All-carbon quaternary stereogenic centers in acyclic systems. A team of researchers led by Ilan Marek, professor at the Technion–Israel Institute of Technology in Haifa, described their work in forming all-carbon quaternary stereogenic centers in acyclic systems from alkynes (3). Construction of chiral all-carbon quaternary centers had been limited in previous aldol-based methodologies, according to a Nov. 28, 2012, Technion–Israel Institute of Technology press release. The researchers used a single-pot operation, starting from classical hydrocarbons, to form aldol products containing the desired all-carbon quaternary stereocenter through the concomitant formation of three new bonds, according to the release. A challenge in forming the all-carbon quaternary stereocenters in acyclic systems had been the preparation of all-carbon quaternary stereocenters in aldol adducts (3). The main problem that limits the formation of these stereocenters is the absence of an efficient method of preparing stereodefined trisubstituted enolates in acyclic systems. The researchers developed a different approach that involves the formation of two new stereogenic centers, including the all-carbon quaternary one, through a combined carbometalation–oxidation reaction of an organocuprate to give a stereodefined trisubstituted enolate (3). The researchers used this method to generate a series of aldol and Mannich products from ynamides. For his work in organic synthesis, Marek received the Royal Society Chemistry Organometallic Award in 2011 and the Janssen Pharmaceutica Prize for Creativity in Organic Synthesis in 2012.

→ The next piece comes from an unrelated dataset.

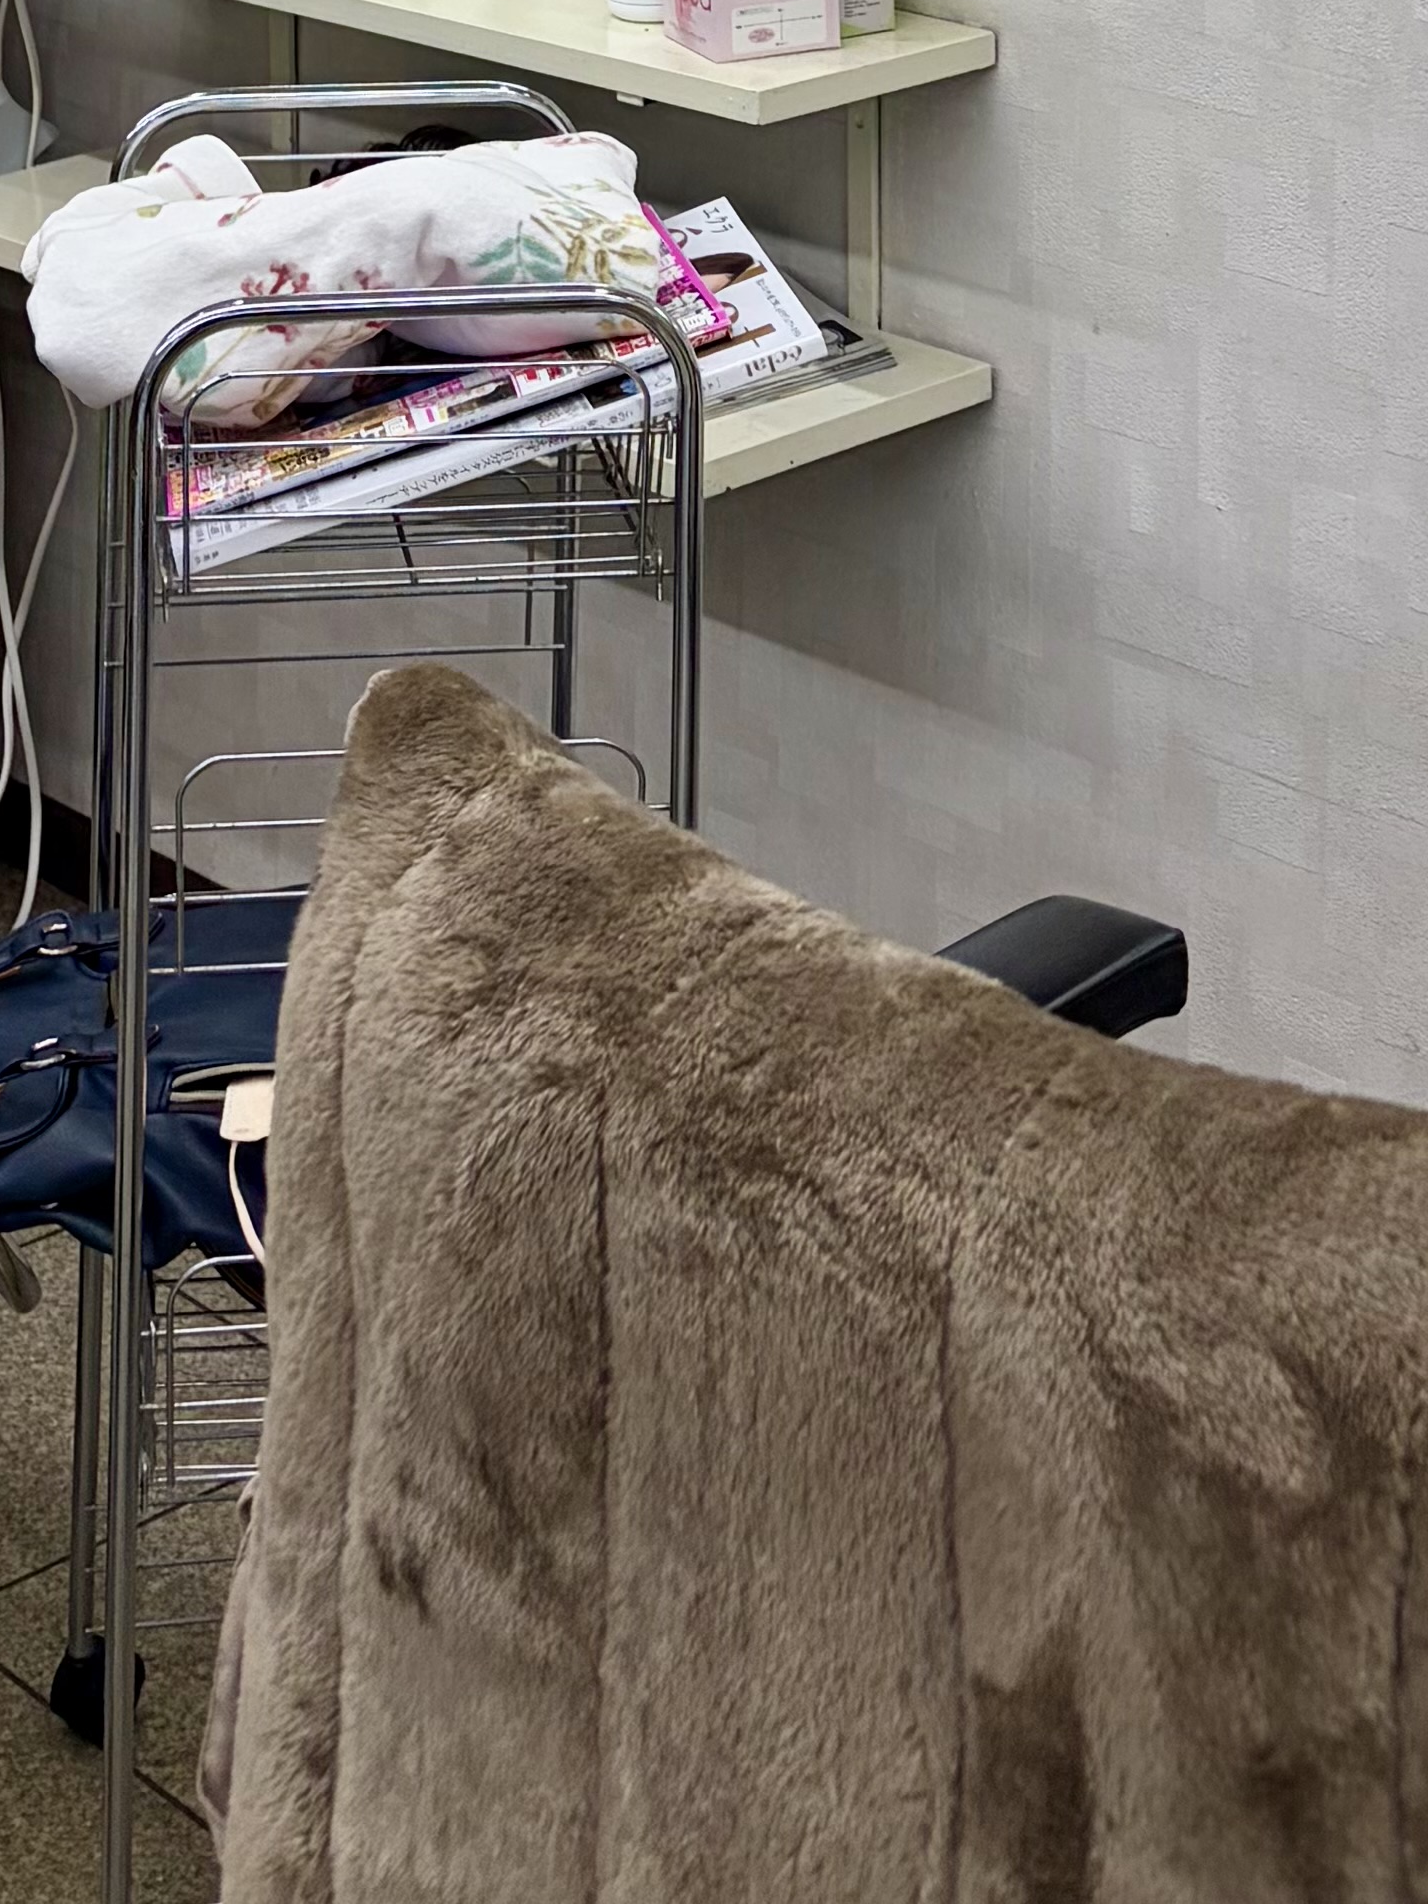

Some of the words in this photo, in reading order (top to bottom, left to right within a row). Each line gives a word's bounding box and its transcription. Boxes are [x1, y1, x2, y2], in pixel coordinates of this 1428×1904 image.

[702, 206, 734, 233] エクラ
[743, 344, 803, 378] éclat
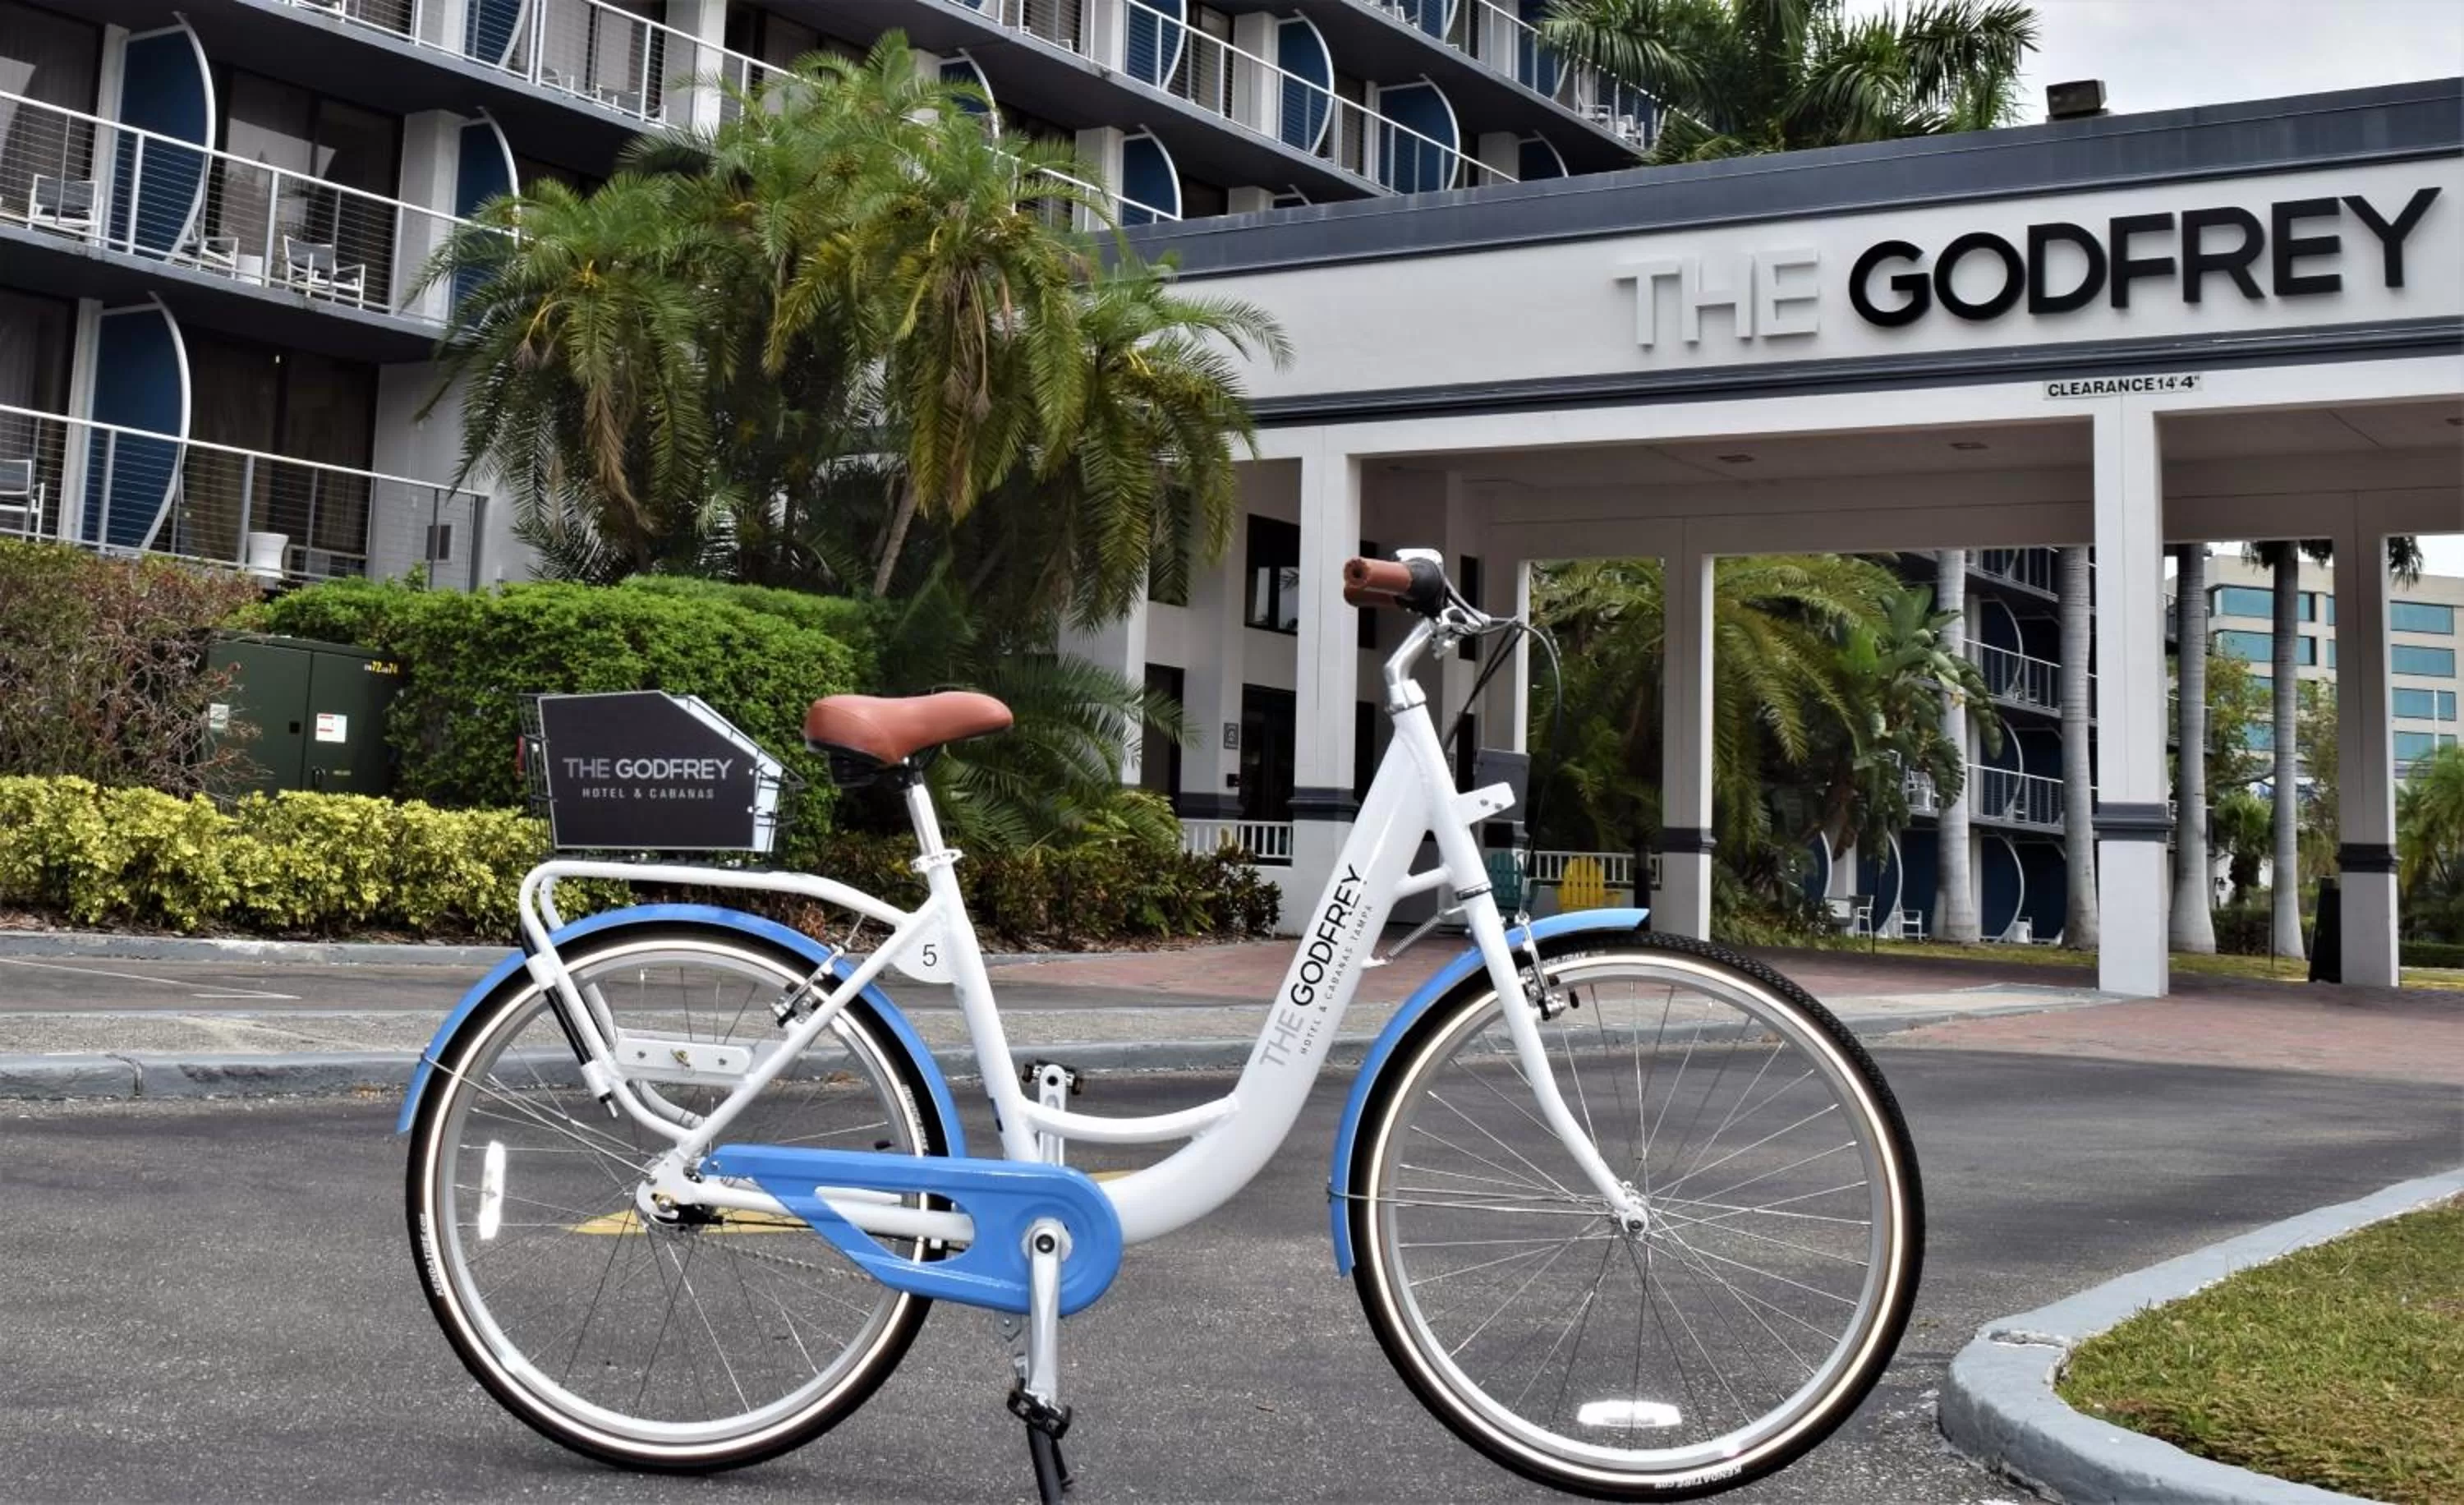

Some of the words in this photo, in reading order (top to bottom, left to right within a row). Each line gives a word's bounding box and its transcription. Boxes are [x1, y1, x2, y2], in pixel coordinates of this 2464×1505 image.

Asymmetric carbon–hydrogen functionalization. Researchers at the Ecole Polytechnic Fédérale de Lausanne, School of Basic Sciences, Institute of Chemical Sciences and Engineering, Laboratory of Asymmetric Catalysis and Synthesis, in Lausanne, Switzerland, recently reported on the development of chiral cyclopentadienyl ligands as stereocontrolling elements in asymmetric carbon–hydrogen functionalization. The researchers sought to tackle a limitation in the application of metal complexes coordinated by a single cyclopentadienyl ligand as a catalyst in asymmetric reactions (4). The difficulty, they reported, has been designing cyclopentadienyl substituents that bias the coordination sphere. The researchers developed a class of C2-symmetric cyclopentadienyl derivatives that control the spatial arrangement of the transiently coordinated reactants around the central metal atom by developing rhodium (III) complexes with these ligands as highly enantioselective catalysts for directed carbon–hydrogen bond functionalizations of hydroxamic acid derivatives (4).

Scale-up of artemisinin

A cost-effective, large-scale synthesis for the natural product artemisinin, an antimalarial treatment, has been elusive, but researchers at the Indiana University (IU) developed a new approach that is moving toward that goal. The World Health Organization has set a target-per-gram cost for artemisinin of 25 cents or less, but the current cost is about $2.40 per gram, according to a Sept. 12, 2012, IU press release. "In 2005, the WHO claimed that the structure of artemisinin was too complex for cost-effective synthesis," said IU Bloomington College of Arts and Sciences chemistry professor Silas Cook, in the IU release.

Silas and other IU researchers' cost-effective approach to artemisinin uses cyclohexenone as a key starting material and basis for developing reaction cascades in producing artemisinin in a five-pot sequence on a gram
scale (5). "The key to the ultimate success of synthetic artemisinin will be the large-scale production of the drug," Cook said in the IU release. "As such, we had to completely rethink what qualified as suitable starting materials for this synthesis and invent new chemistry." The next challenge will be to move from gram-scale to kilogram-scale production.